Start of Supplied data
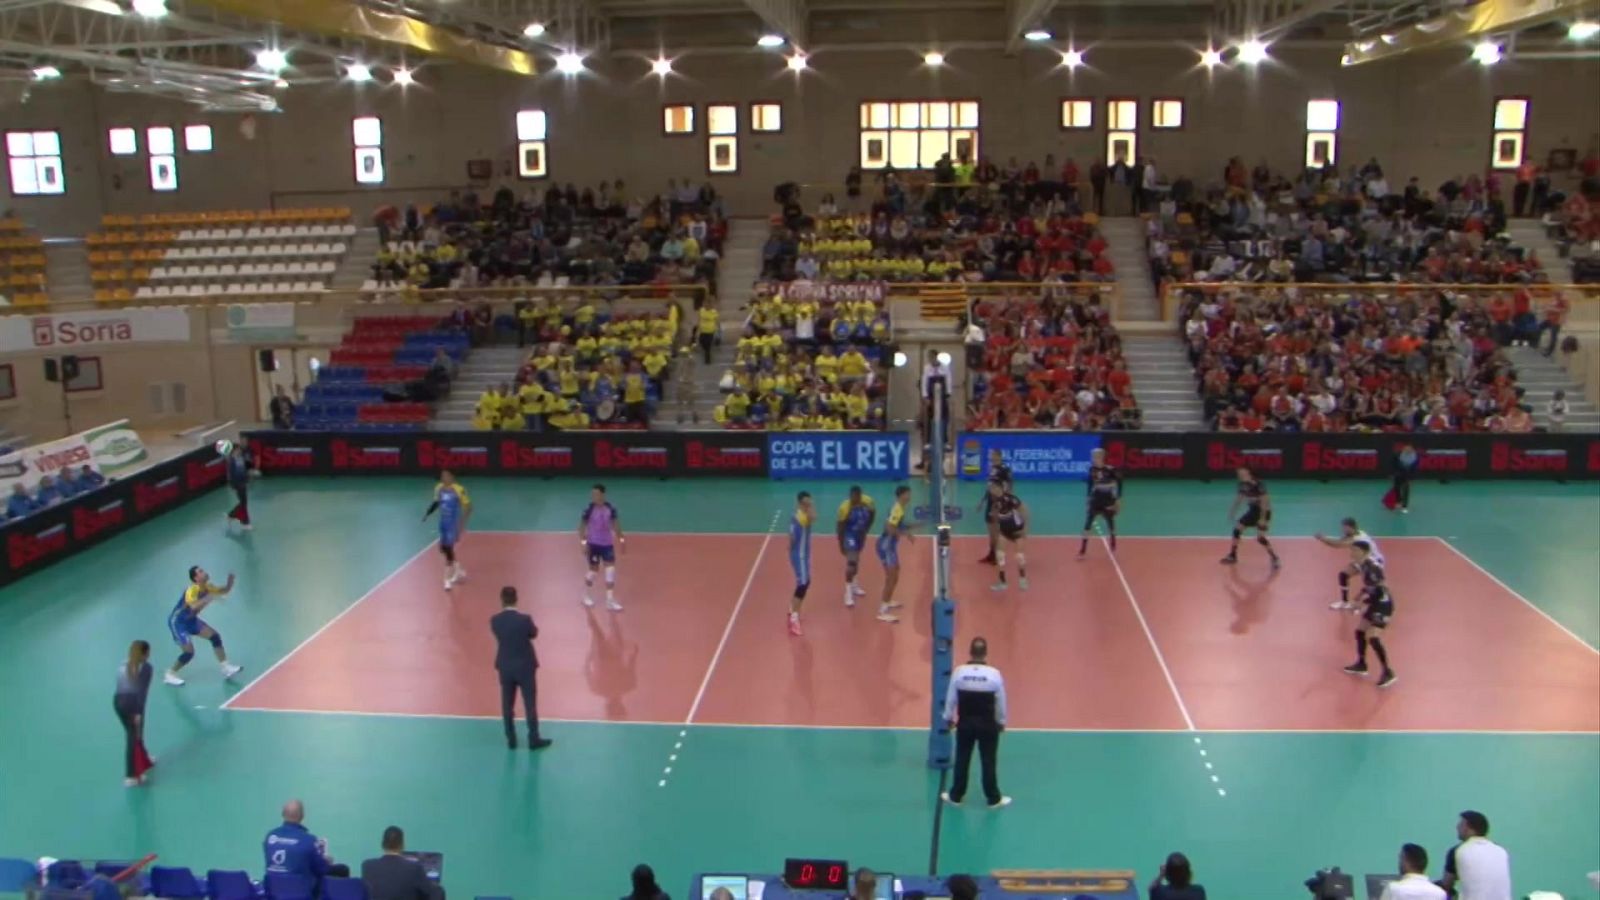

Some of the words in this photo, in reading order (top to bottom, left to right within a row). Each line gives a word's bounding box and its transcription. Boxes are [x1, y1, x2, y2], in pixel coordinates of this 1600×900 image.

[58, 320, 132, 344] Soria
[771, 441, 815, 454] COPA
[821, 441, 850, 470] EL
[857, 441, 905, 470] REY
[771, 458, 787, 469] DE
[801, 864, 813, 881] 0
[828, 865, 842, 883] 0
End of Supplied data
**Exercise aim:** Set down all of the entries exactly as they stand, without any image.

**Answer box:**
Some of the words in this photo, in reading order (top to bottom, left to right within a row). Each line gives a word's bounding box and its transcription. Boxes are [x1, y1, x2, y2], in pixel coordinates of this 1600×900 image.

[58, 320, 132, 344] Soria
[771, 441, 815, 454] COPA
[821, 441, 850, 470] EL
[857, 441, 905, 470] REY
[771, 458, 787, 469] DE
[801, 864, 813, 881] 0
[828, 865, 842, 883] 0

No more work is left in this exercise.